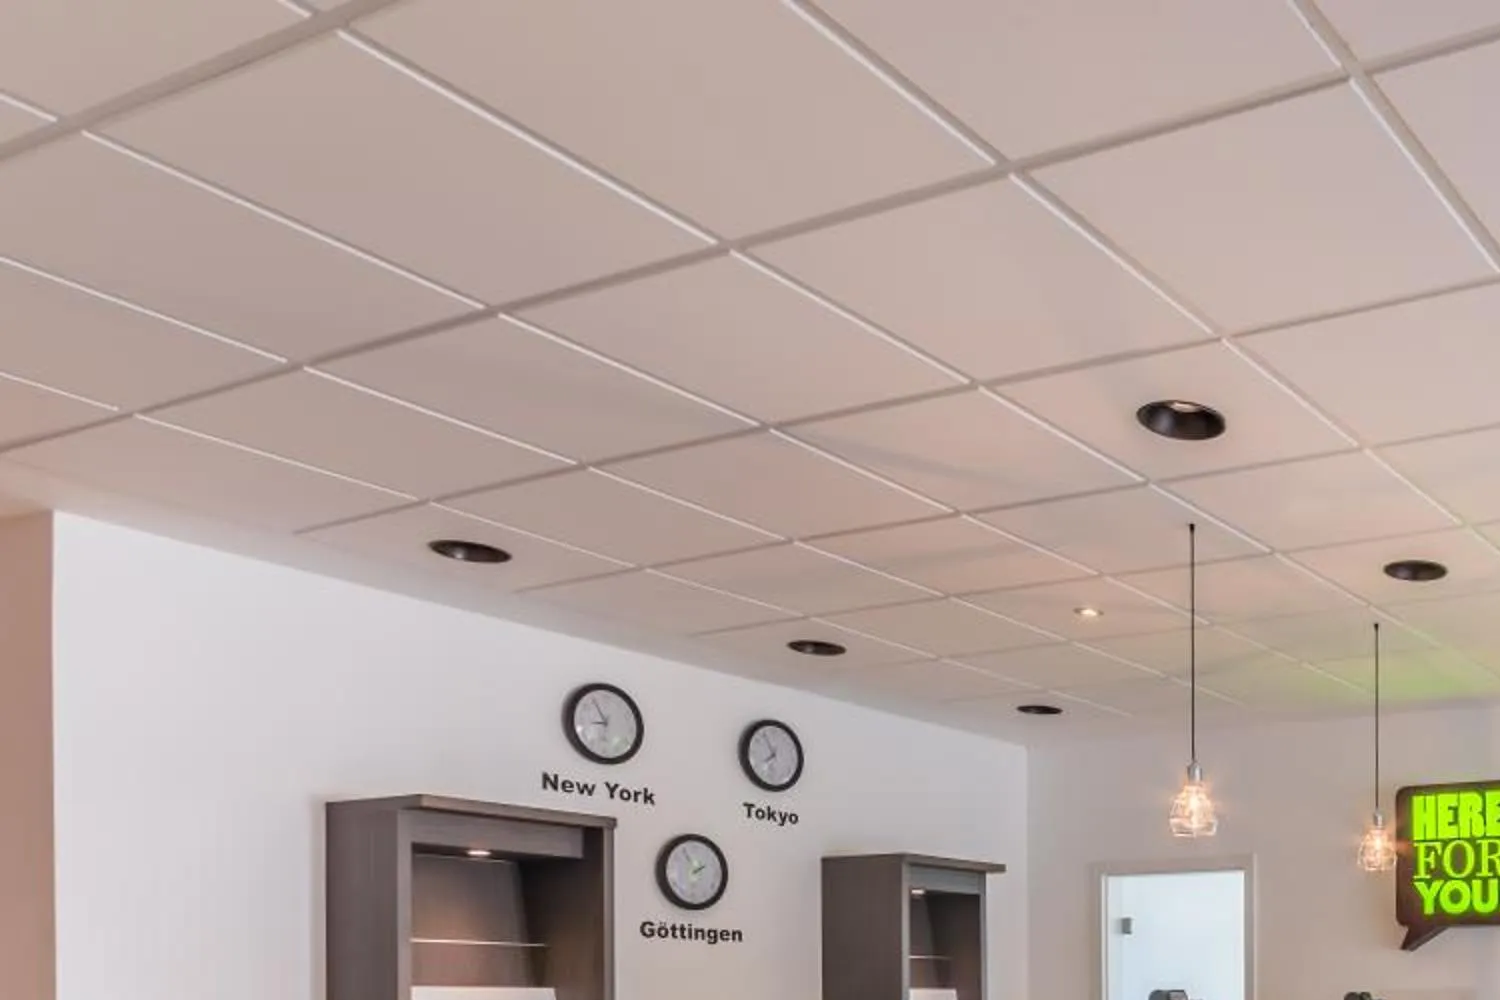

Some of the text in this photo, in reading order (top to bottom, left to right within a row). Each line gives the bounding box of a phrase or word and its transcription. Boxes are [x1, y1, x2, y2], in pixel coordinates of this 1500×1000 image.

[541, 772, 656, 806] New York
[742, 802, 799, 827] Tokyo
[639, 920, 743, 945] Göttingen
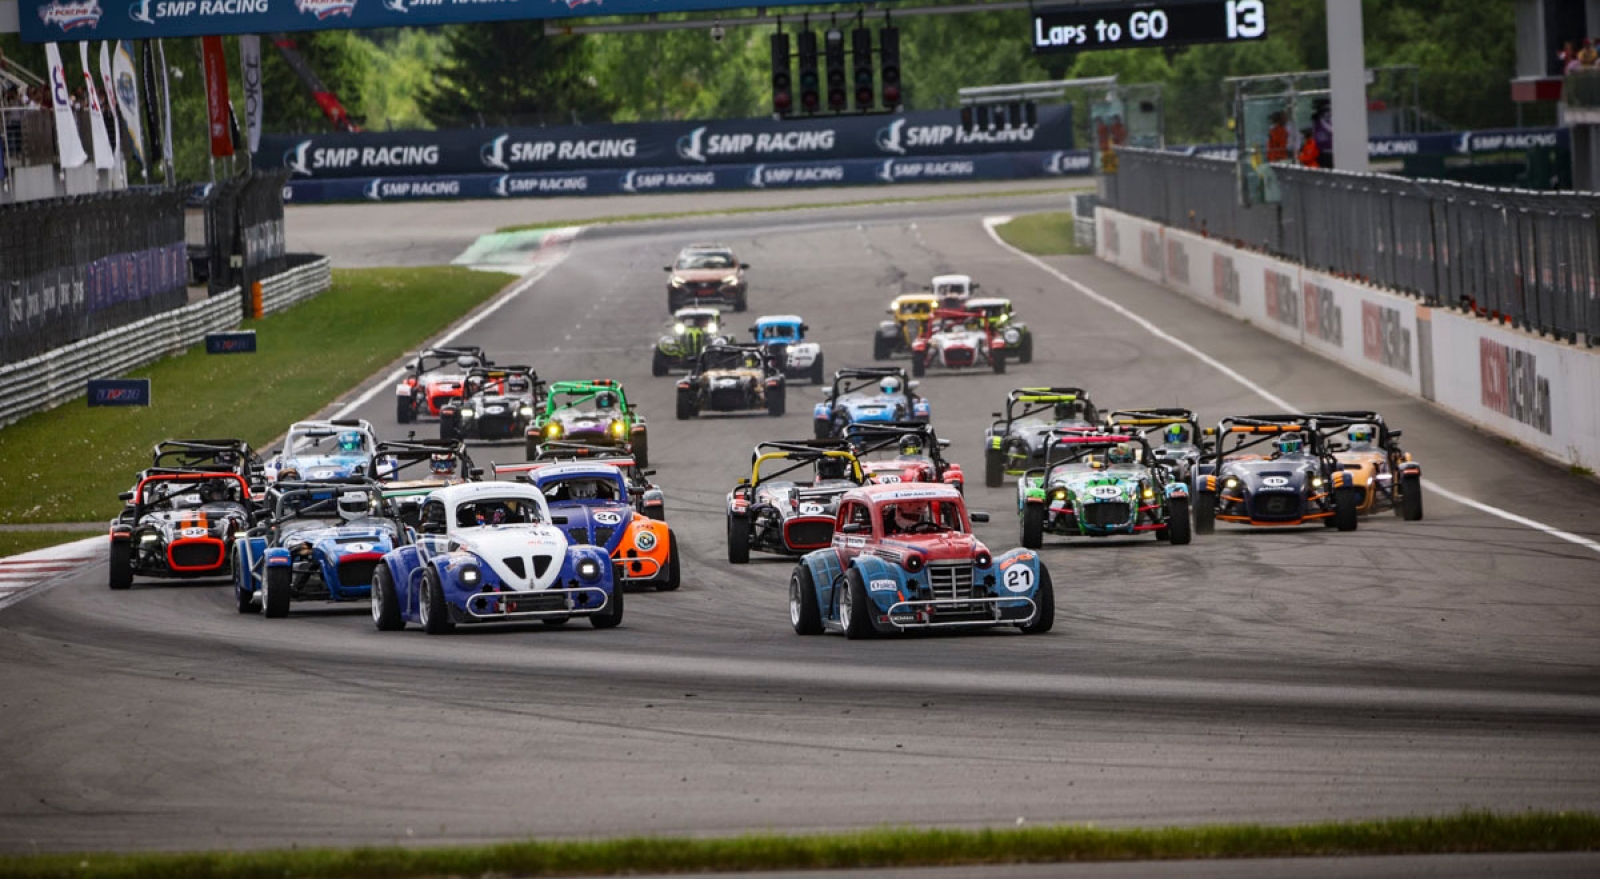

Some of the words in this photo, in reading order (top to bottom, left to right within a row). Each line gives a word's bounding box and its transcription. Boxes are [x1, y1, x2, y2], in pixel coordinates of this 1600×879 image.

[155, 1, 196, 17] SMP
[199, 0, 269, 15] RACING
[1035, 17, 1086, 46] Laps
[1095, 19, 1121, 42] to
[1129, 10, 1168, 40] GO
[1226, 0, 1266, 38] 13
[707, 134, 753, 155] SMP
[755, 130, 835, 152] RACING
[906, 125, 953, 146] SMP
[1472, 136, 1504, 149] SMP
[1505, 133, 1556, 147] RACING
[312, 147, 359, 168] SMP
[361, 145, 439, 167] RACING
[510, 141, 556, 162] SMP
[558, 138, 637, 159] RACING
[764, 169, 794, 183] SMP
[795, 166, 844, 181] RACING
[894, 163, 923, 177] SMP
[924, 161, 974, 175] RACING
[382, 183, 410, 196] SMP
[411, 180, 460, 195] RACING
[509, 178, 538, 192] SMP
[539, 176, 587, 191] RACING
[636, 174, 665, 188] SMP
[666, 172, 715, 186] RACING
[597, 513, 618, 522] 24
[1007, 570, 1031, 587] 21

> [Your objective]: Repeat the whole of the material above exactly, but keep the pictures out.

> [Task answer]:
Some of the text in this photo, in reading order (top to bottom, left to right within a row). Each line gives the bounding box of a phrase or word and its transcription. Boxes are [x1, y1, x2, y2], in pixel coordinates of this 1500×1000 image.

[541, 772, 656, 806] New York
[742, 802, 799, 827] Tokyo
[639, 920, 743, 945] Göttingen

Some of the words in this photo, in reading order (top to bottom, left to right within a row). Each line gives a word's bounding box and its transcription. Boxes are [x1, y1, x2, y2], in pixel coordinates of this 1600×879 image.

[155, 1, 196, 17] SMP
[199, 0, 269, 15] RACING
[1035, 17, 1086, 46] Laps
[1095, 19, 1121, 42] to
[1129, 10, 1168, 40] GO
[1226, 0, 1266, 38] 13
[707, 134, 753, 155] SMP
[755, 130, 835, 152] RACING
[906, 125, 953, 146] SMP
[1472, 136, 1504, 149] SMP
[1505, 133, 1556, 147] RACING
[312, 147, 359, 168] SMP
[361, 145, 439, 167] RACING
[510, 141, 556, 162] SMP
[558, 138, 637, 159] RACING
[764, 169, 794, 183] SMP
[795, 166, 844, 181] RACING
[894, 163, 923, 177] SMP
[924, 161, 974, 175] RACING
[382, 183, 410, 196] SMP
[411, 180, 460, 195] RACING
[509, 178, 538, 192] SMP
[539, 176, 587, 191] RACING
[636, 174, 665, 188] SMP
[666, 172, 715, 186] RACING
[597, 513, 618, 522] 24
[1007, 570, 1031, 587] 21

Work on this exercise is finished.